PROVIDED DATA: Begin
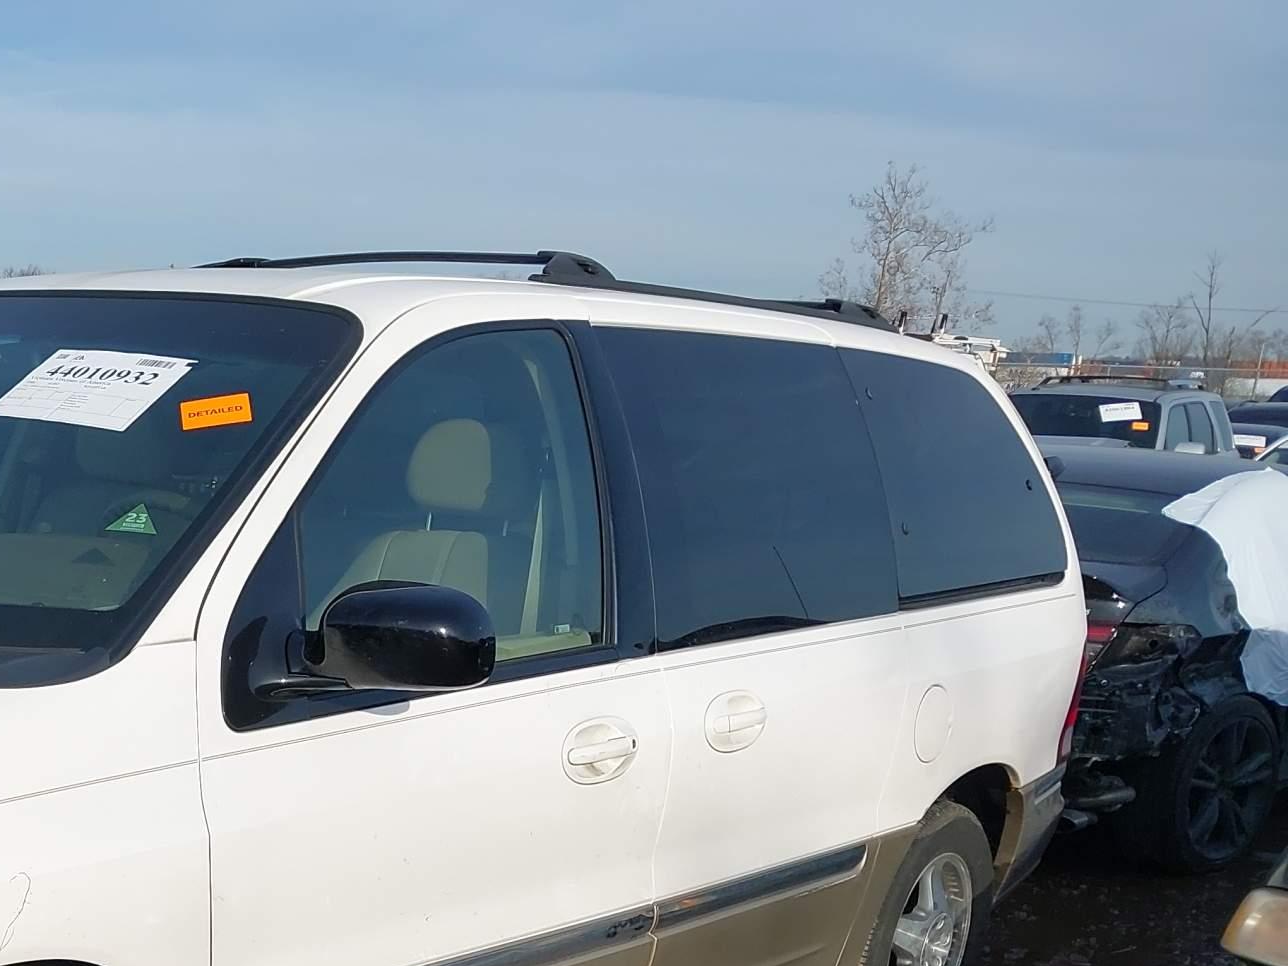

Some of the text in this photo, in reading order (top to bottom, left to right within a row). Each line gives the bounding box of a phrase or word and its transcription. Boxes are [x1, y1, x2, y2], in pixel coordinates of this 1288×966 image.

[46, 363, 160, 386] 44010932
[187, 405, 243, 418] DETAILED
[125, 512, 148, 523] 23
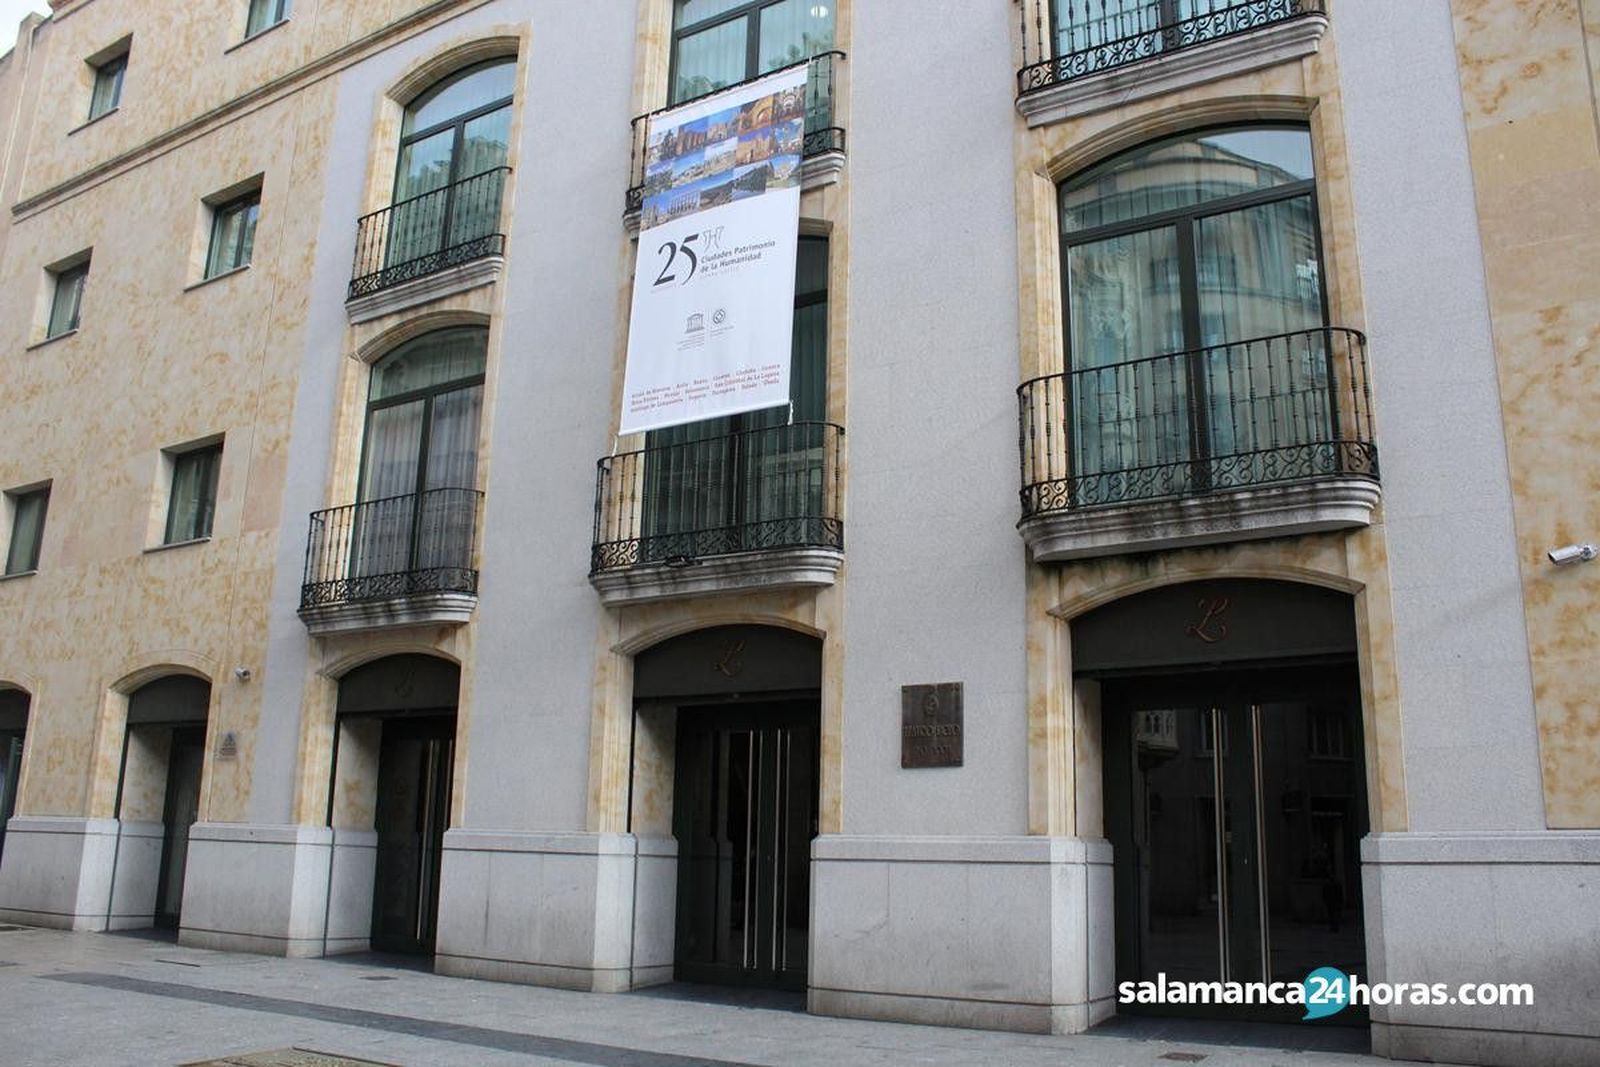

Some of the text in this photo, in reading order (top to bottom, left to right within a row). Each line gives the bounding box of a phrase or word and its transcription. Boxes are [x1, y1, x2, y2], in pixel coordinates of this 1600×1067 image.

[653, 233, 699, 286] 25
[701, 240, 776, 264] Ciudades Patrimonio
[719, 252, 762, 268] Humanidad
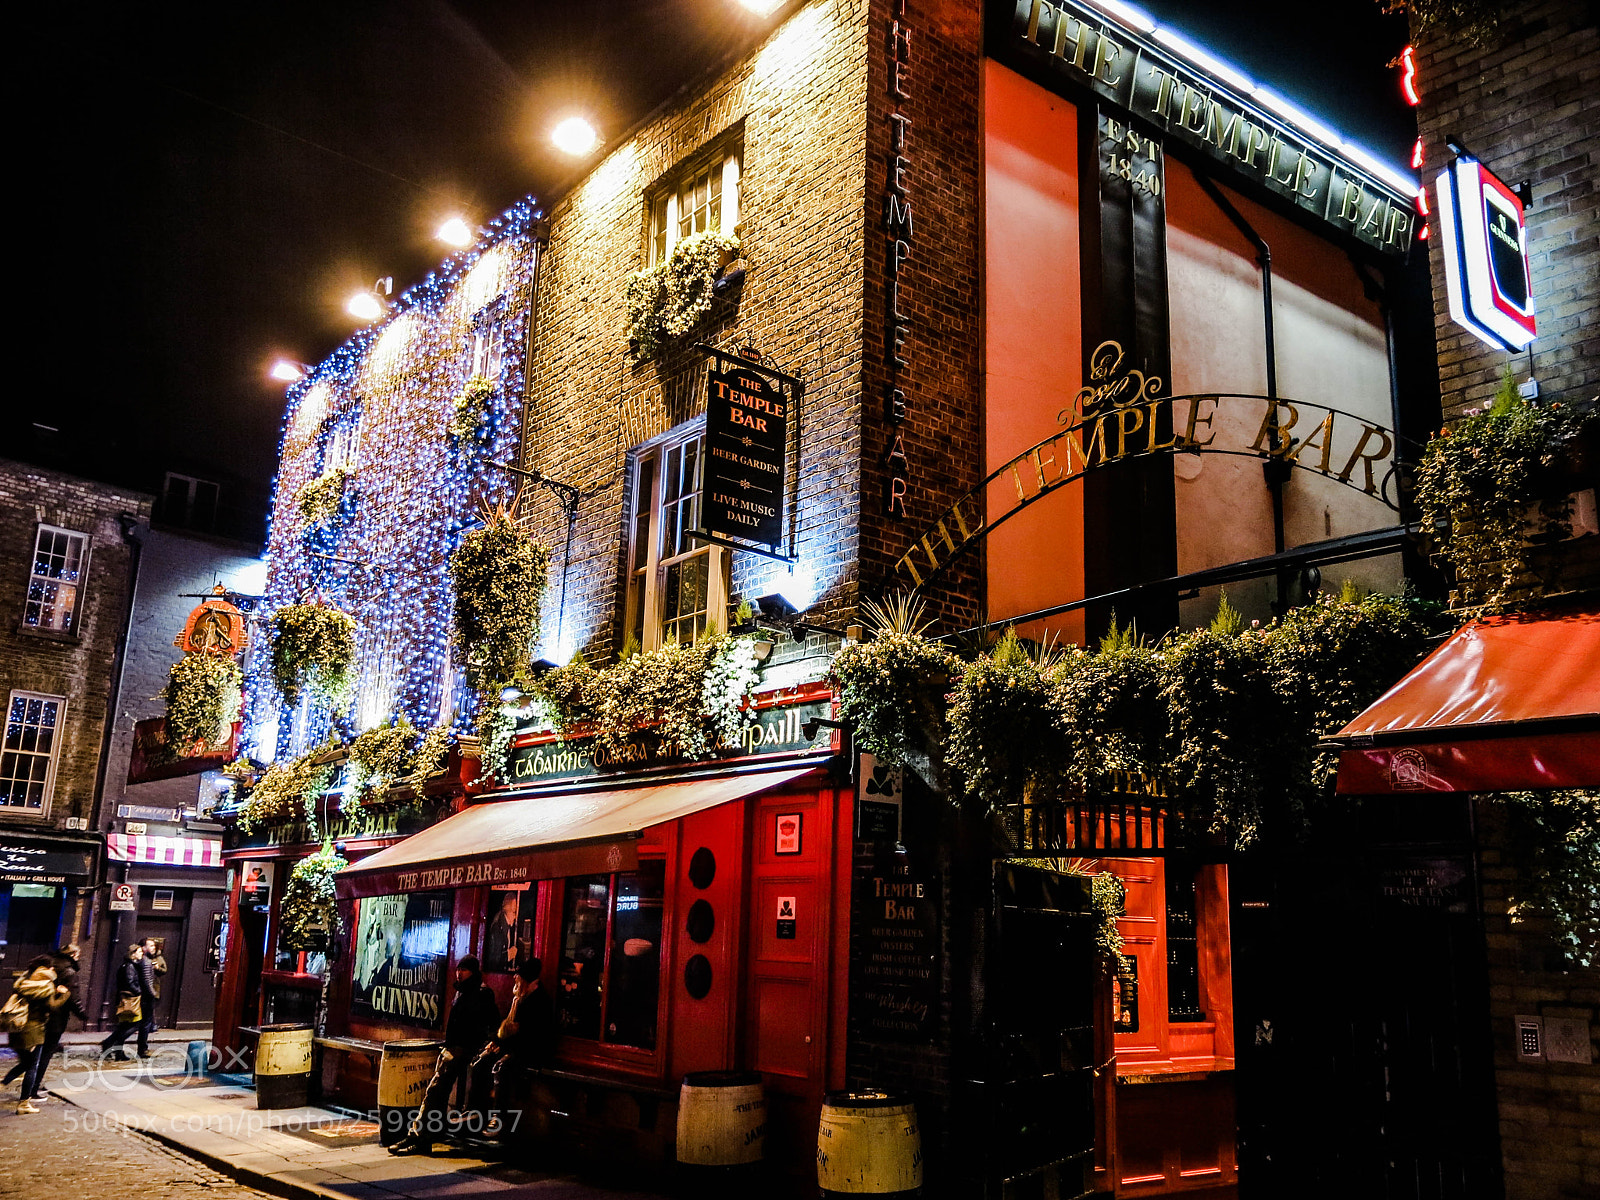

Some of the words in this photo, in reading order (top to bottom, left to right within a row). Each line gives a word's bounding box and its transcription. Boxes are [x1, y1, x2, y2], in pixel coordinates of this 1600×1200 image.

[1020, 0, 1124, 90] THE
[1148, 64, 1320, 200] TEMPLE
[1336, 177, 1412, 254] BAR
[1106, 117, 1160, 162] EST
[1108, 153, 1161, 196] 1840
[887, 113, 912, 366] TEMPLE
[1489, 221, 1520, 252] GUINNESS
[713, 380, 784, 418] TEMPLE
[737, 376, 762, 393] THE
[729, 406, 768, 433] BAR
[712, 447, 738, 463] BEER
[739, 455, 780, 475] GARDEN
[884, 388, 909, 518] BAR
[712, 492, 739, 508] LIVE
[740, 499, 775, 518] MUSIC
[894, 492, 983, 588] THE
[999, 395, 1220, 503] TEMPLE
[1245, 398, 1394, 497] BAR
[726, 509, 760, 528] DAILY
[267, 823, 295, 846] THE
[363, 811, 399, 836] BAR
[0, 846, 48, 855] exico
[397, 874, 418, 891] THE
[420, 867, 465, 888] TEMPLE
[465, 863, 493, 884] BAR
[510, 867, 527, 879] 1840
[872, 876, 925, 899] TEMPLE
[383, 902, 398, 918] BAR
[884, 898, 916, 921] BAR
[372, 985, 439, 1022] GUINNESS
PROVIDED DATA: End
#### ABOUT THIS TASK
Hand back the data above exactly, with no images.

#### EXERCISE OUTPUT
Some of the text in this photo, in reading order (top to bottom, left to right within a row). Each line gives the bounding box of a phrase or word and its transcription. Boxes are [x1, y1, x2, y2], in pixel coordinates of this 1288×966 image.

[46, 363, 160, 386] 44010932
[187, 405, 243, 418] DETAILED
[125, 512, 148, 523] 23

Some of the text in this photo, in reading order (top to bottom, left to right within a row). Each line gives the bounding box of a phrase or word and its transcription. Boxes are [x1, y1, x2, y2], in pixel coordinates of this 1600×1067 image.

[653, 233, 699, 286] 25
[701, 240, 776, 264] Ciudades Patrimonio
[719, 252, 762, 268] Humanidad

Some of the words in this photo, in reading order (top to bottom, left to right within a row). Each line gives a word's bounding box and its transcription. Boxes are [x1, y1, x2, y2], in pixel coordinates of this 1600×1200 image.

[1020, 0, 1124, 90] THE
[1148, 64, 1320, 200] TEMPLE
[1336, 177, 1412, 254] BAR
[1106, 117, 1160, 162] EST
[1108, 153, 1161, 196] 1840
[887, 113, 912, 366] TEMPLE
[1489, 221, 1520, 252] GUINNESS
[713, 380, 784, 418] TEMPLE
[737, 376, 762, 393] THE
[729, 406, 768, 433] BAR
[712, 447, 738, 463] BEER
[739, 455, 780, 475] GARDEN
[884, 388, 909, 518] BAR
[712, 492, 739, 508] LIVE
[740, 499, 775, 518] MUSIC
[894, 492, 983, 588] THE
[999, 395, 1220, 503] TEMPLE
[1245, 398, 1394, 497] BAR
[726, 509, 760, 528] DAILY
[267, 823, 295, 846] THE
[363, 811, 399, 836] BAR
[0, 846, 48, 855] exico
[397, 874, 418, 891] THE
[420, 867, 465, 888] TEMPLE
[465, 863, 493, 884] BAR
[510, 867, 527, 879] 1840
[872, 876, 925, 899] TEMPLE
[383, 902, 398, 918] BAR
[884, 898, 916, 921] BAR
[372, 985, 439, 1022] GUINNESS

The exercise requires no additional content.